> **THE TASK**
Your task is to repeat the entries word for word while leaving out the pictures.

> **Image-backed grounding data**
-------------------------
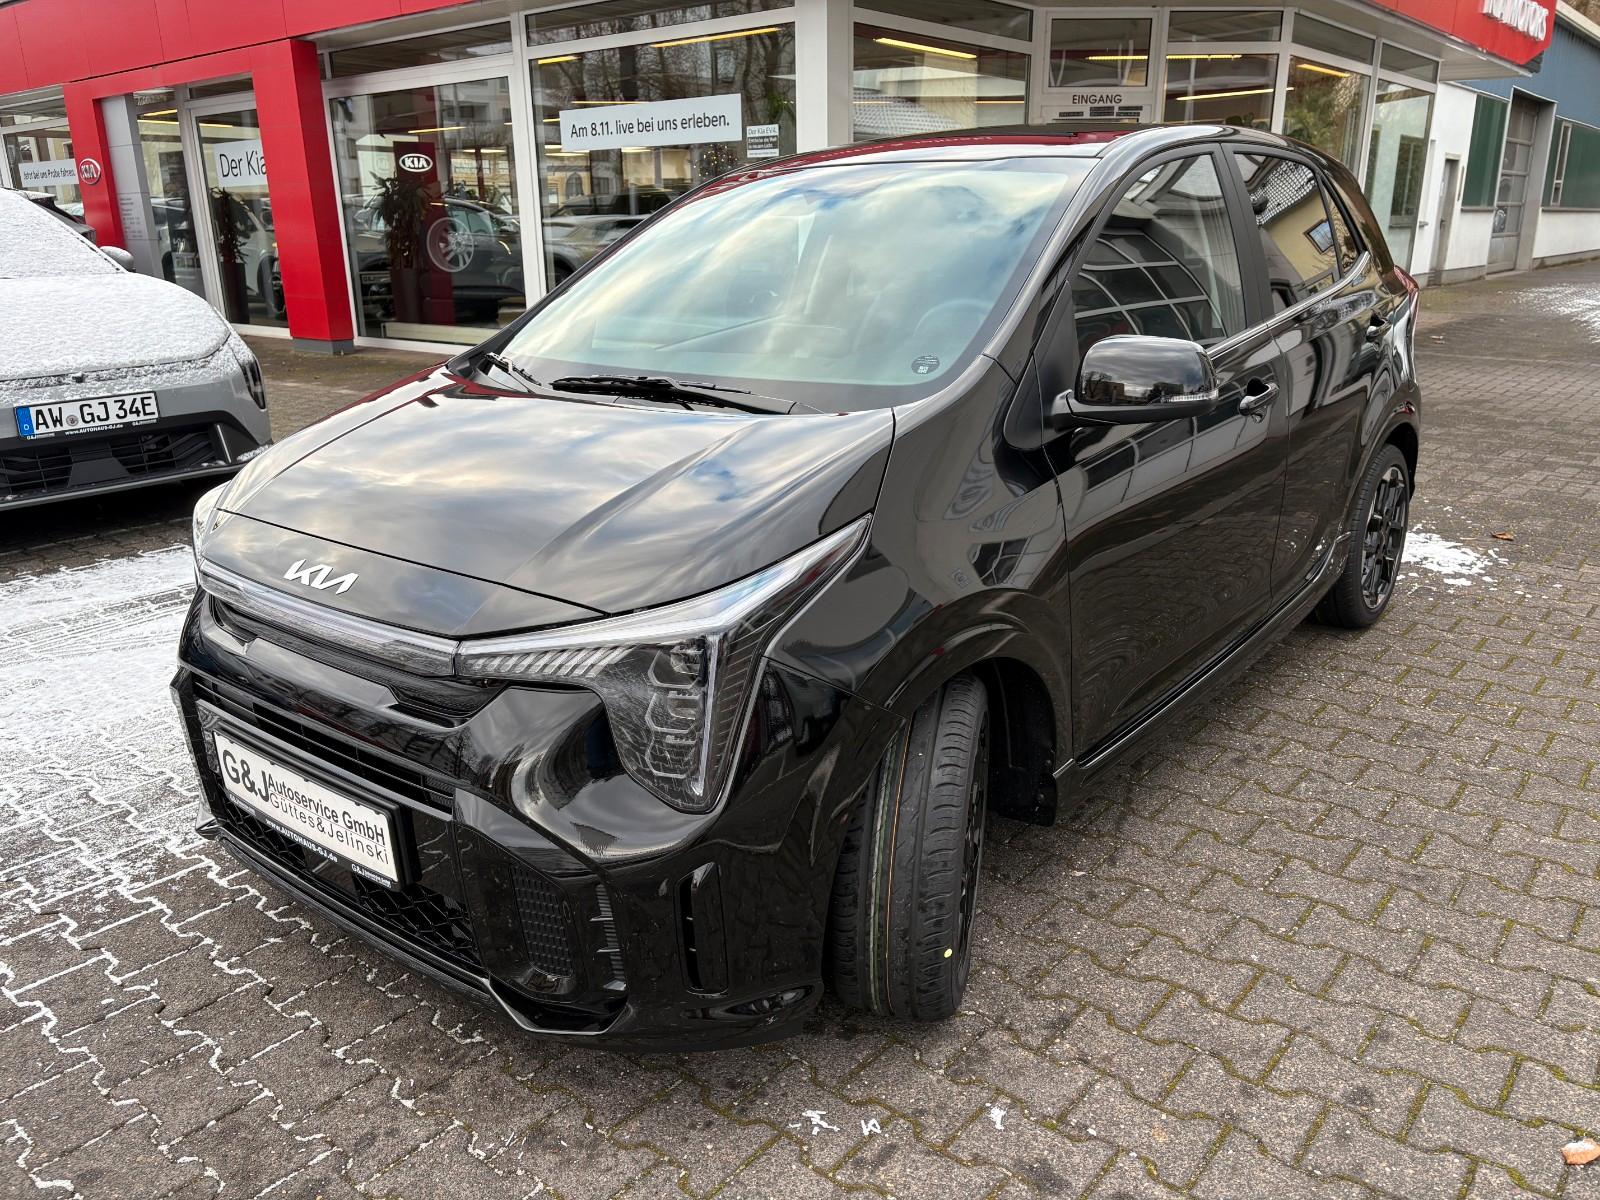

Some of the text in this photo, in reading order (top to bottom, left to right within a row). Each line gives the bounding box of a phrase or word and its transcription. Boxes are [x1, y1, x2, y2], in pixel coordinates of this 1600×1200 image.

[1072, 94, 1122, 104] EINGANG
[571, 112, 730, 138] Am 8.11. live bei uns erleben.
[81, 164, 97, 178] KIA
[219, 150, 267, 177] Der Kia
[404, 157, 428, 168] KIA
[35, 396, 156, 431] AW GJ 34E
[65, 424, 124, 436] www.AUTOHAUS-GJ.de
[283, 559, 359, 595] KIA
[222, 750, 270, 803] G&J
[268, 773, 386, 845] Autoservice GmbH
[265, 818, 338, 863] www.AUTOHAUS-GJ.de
-------------------------
> **REPLY**
Some of the text in this photo, in reading order (top to bottom, left to right within a row). Each line gives the bounding box of a phrase or word and its transcription. Boxes are [x1, y1, x2, y2], in pixel coordinates of this 1600×1200 image.

[1072, 94, 1122, 104] EINGANG
[571, 112, 730, 138] Am 8.11. live bei uns erleben.
[81, 164, 97, 178] KIA
[219, 150, 267, 177] Der Kia
[404, 157, 428, 168] KIA
[35, 396, 156, 431] AW GJ 34E
[65, 424, 124, 436] www.AUTOHAUS-GJ.de
[283, 559, 359, 595] KIA
[222, 750, 270, 803] G&J
[268, 773, 386, 845] Autoservice GmbH
[265, 818, 338, 863] www.AUTOHAUS-GJ.de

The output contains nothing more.